## Task item
Except for the pictures, reproduce the records word for word.

## Data for the task
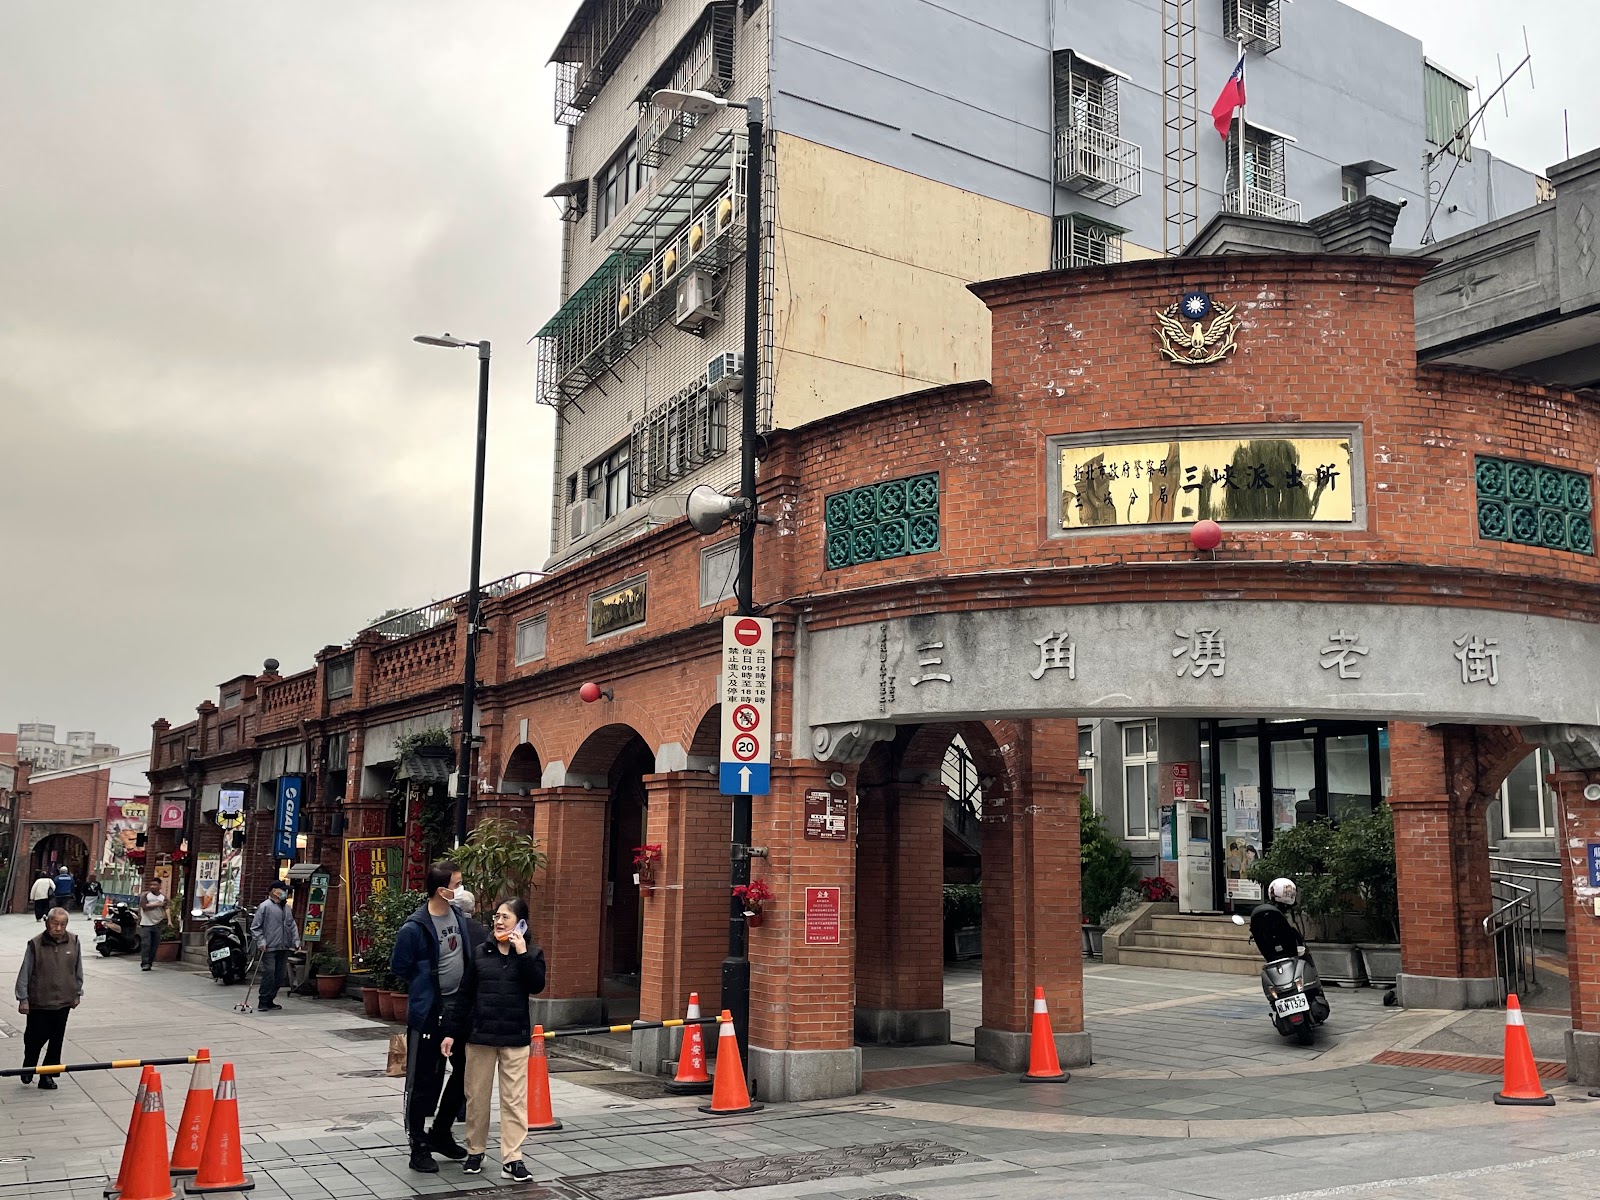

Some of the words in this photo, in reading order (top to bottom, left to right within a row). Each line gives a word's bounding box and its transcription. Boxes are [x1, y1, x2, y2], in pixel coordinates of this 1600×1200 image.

[1182, 463, 1340, 491] 三峽派出所
[727, 647, 739, 703] 禁止進入及停車
[909, 627, 1501, 687] 三角湧老街
[738, 742, 754, 753] 20
[283, 799, 295, 848] GIANT

## Reply
Some of the words in this photo, in reading order (top to bottom, left to right within a row). Each line gives a word's bounding box and its transcription. Boxes are [x1, y1, x2, y2], in pixel coordinates of this 1600×1200 image.

[1182, 463, 1340, 491] 三峽派出所
[727, 647, 739, 703] 禁止進入及停車
[909, 627, 1501, 687] 三角湧老街
[738, 742, 754, 753] 20
[283, 799, 295, 848] GIANT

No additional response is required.